#### TASK DETAILS
Type the records that follow again exactly as written, but drop the pictures.

#### Saved data entries
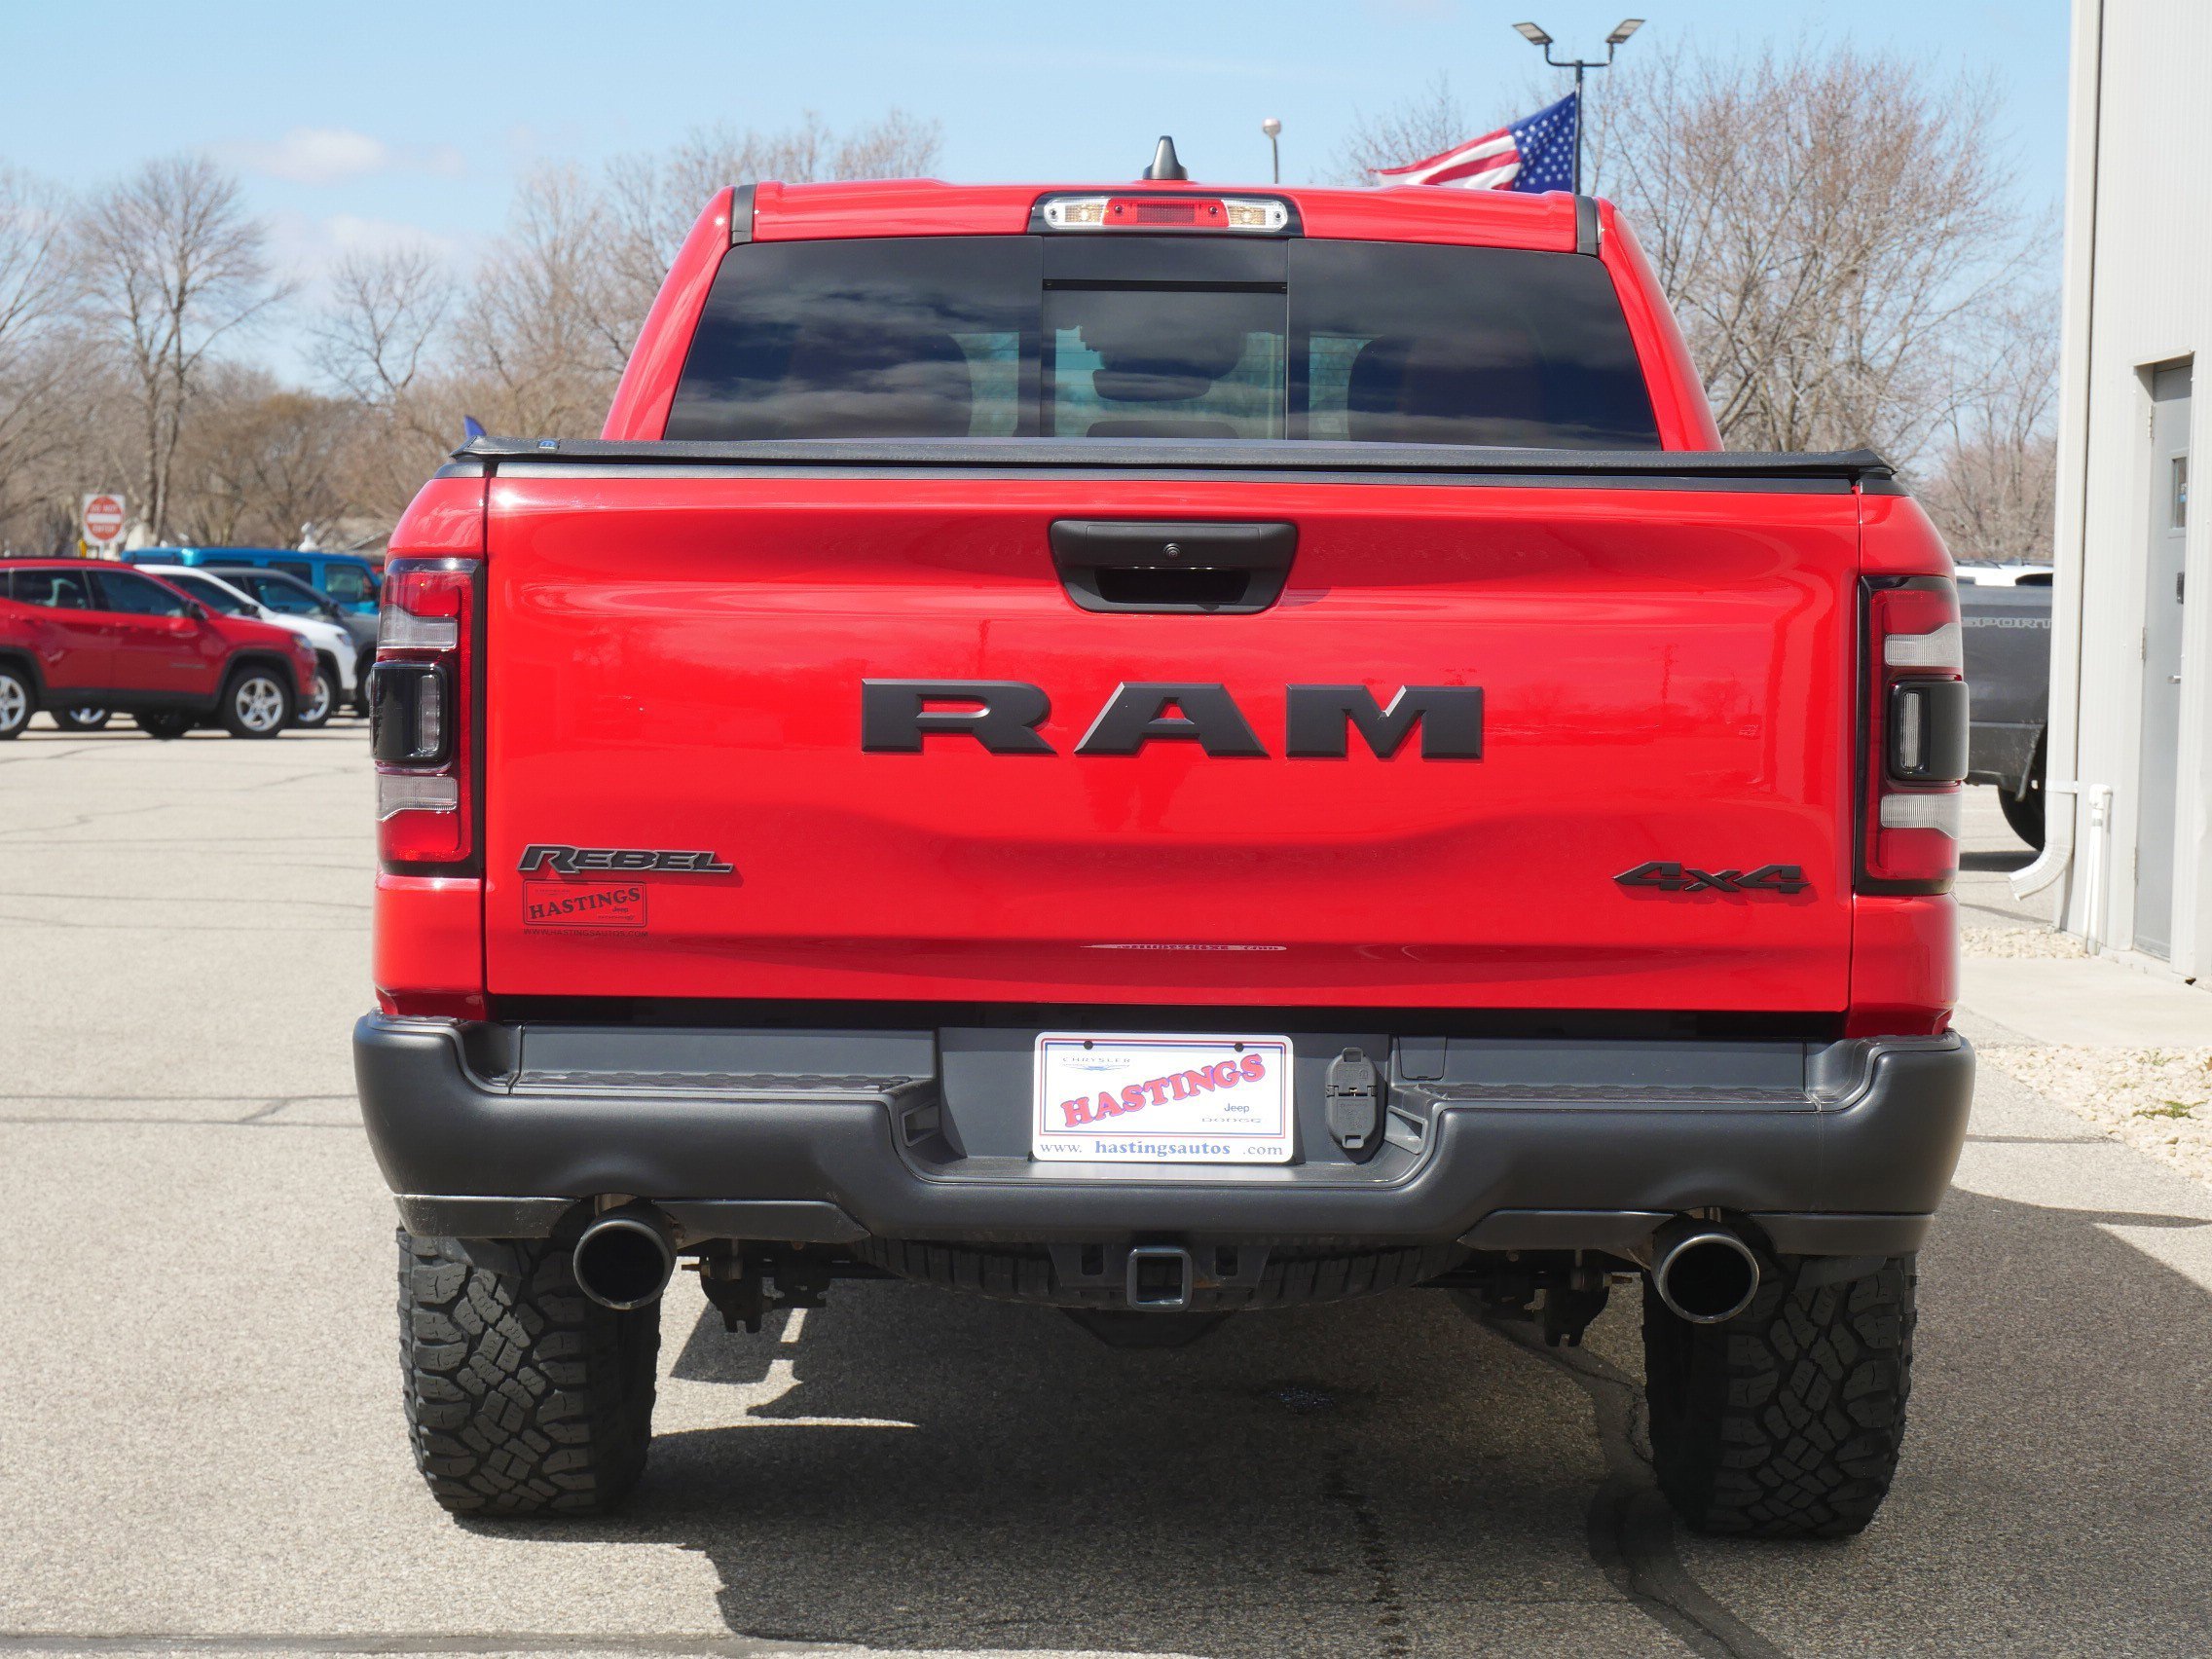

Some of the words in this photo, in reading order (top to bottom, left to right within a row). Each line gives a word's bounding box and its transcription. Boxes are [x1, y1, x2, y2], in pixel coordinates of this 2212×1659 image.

[862, 679, 1485, 759] RAM
[517, 843, 734, 873] REBEL
[529, 887, 642, 920] HASTINGS
[1059, 1053, 1267, 1128] HASTINGS
[1224, 1102, 1251, 1114] Jeep
[1041, 1143, 1083, 1153] www.
[1094, 1140, 1231, 1157] hastingsautos
[1242, 1145, 1283, 1156] .com
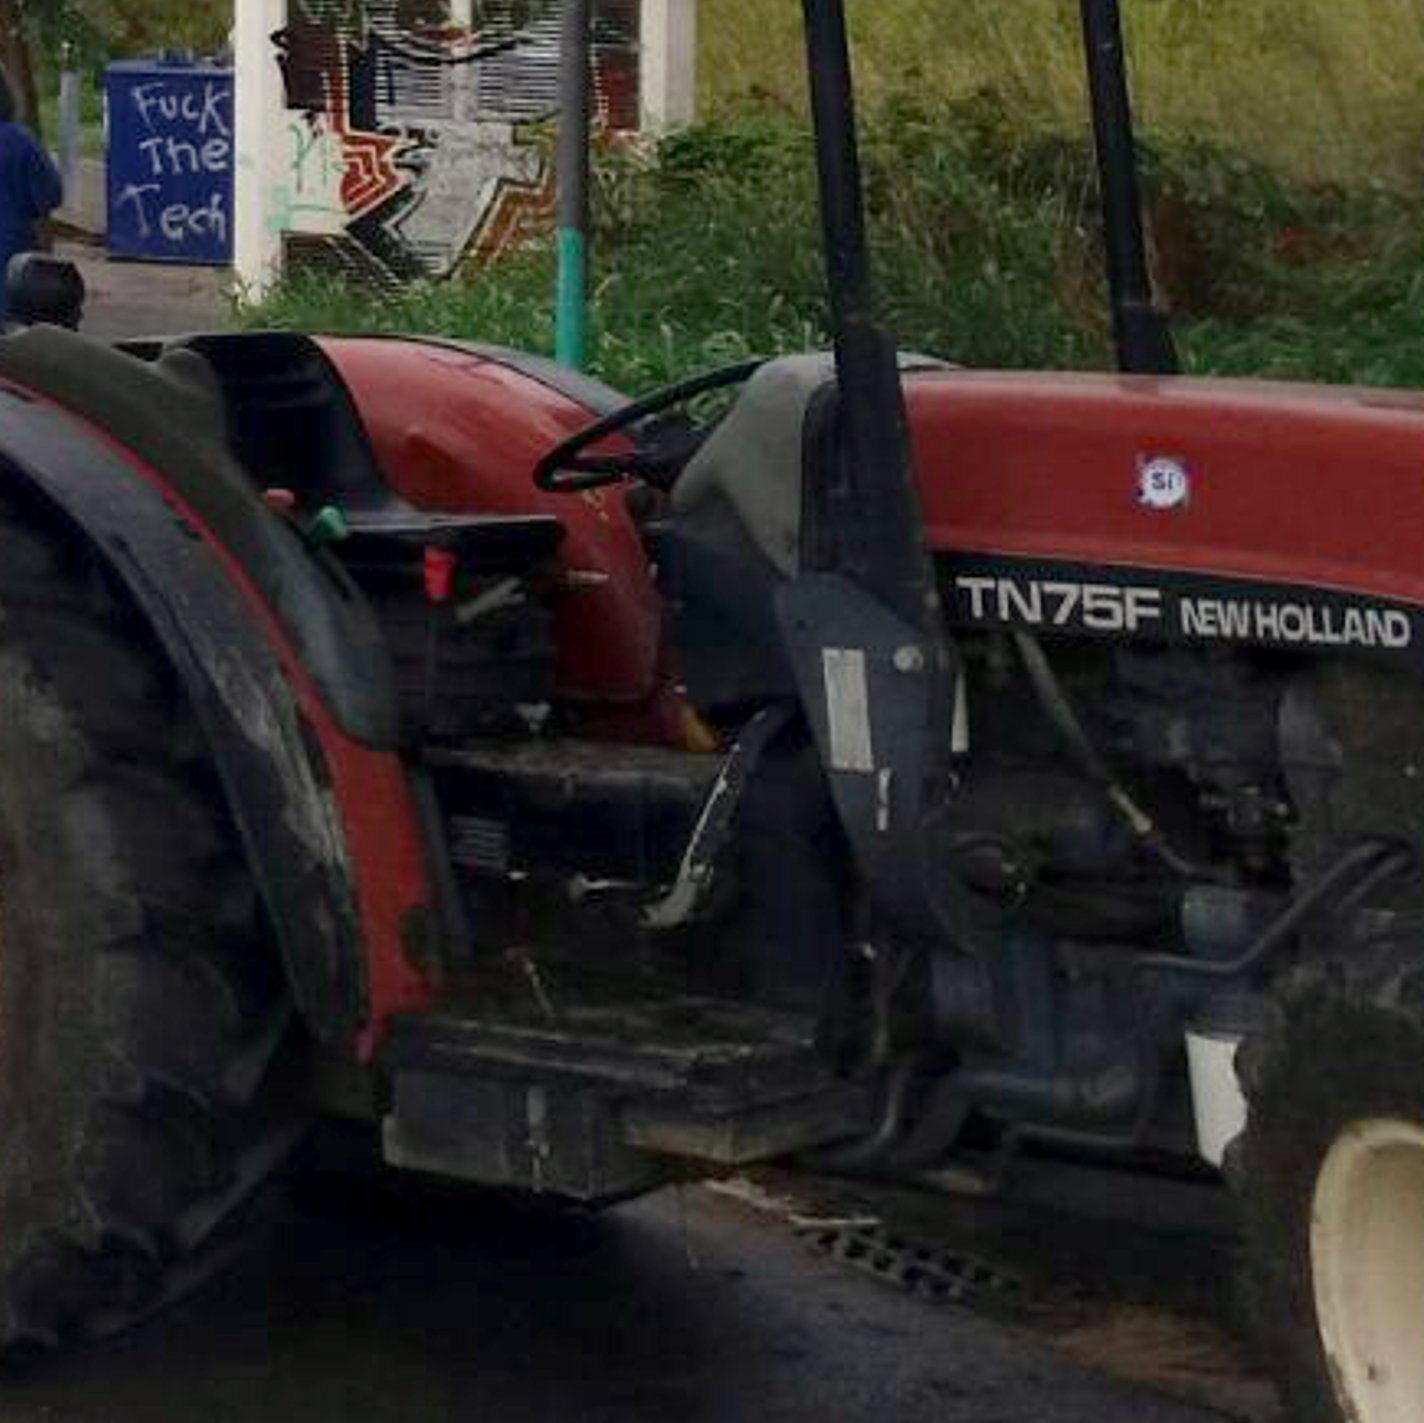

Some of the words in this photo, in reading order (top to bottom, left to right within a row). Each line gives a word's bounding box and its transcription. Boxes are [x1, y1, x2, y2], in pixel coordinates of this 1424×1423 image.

#### YOUR SOLUTION
Some of the words in this photo, in reading order (top to bottom, left to right within a row). Each line gives a word's bounding box and its transcription. Boxes are [x1, y1, x2, y2], in pixel coordinates of this 2212×1659 image.

[862, 679, 1485, 759] RAM
[517, 843, 734, 873] REBEL
[529, 887, 642, 920] HASTINGS
[1059, 1053, 1267, 1128] HASTINGS
[1224, 1102, 1251, 1114] Jeep
[1041, 1143, 1083, 1153] www.
[1094, 1140, 1231, 1157] hastingsautos
[1242, 1145, 1283, 1156] .com

Some of the words in this photo, in reading order (top to bottom, left to right within a row). Each line gives a word's bounding box and its transcription. Boxes are [x1, y1, x2, y2], in pixel coordinates of this 1424×1423 image.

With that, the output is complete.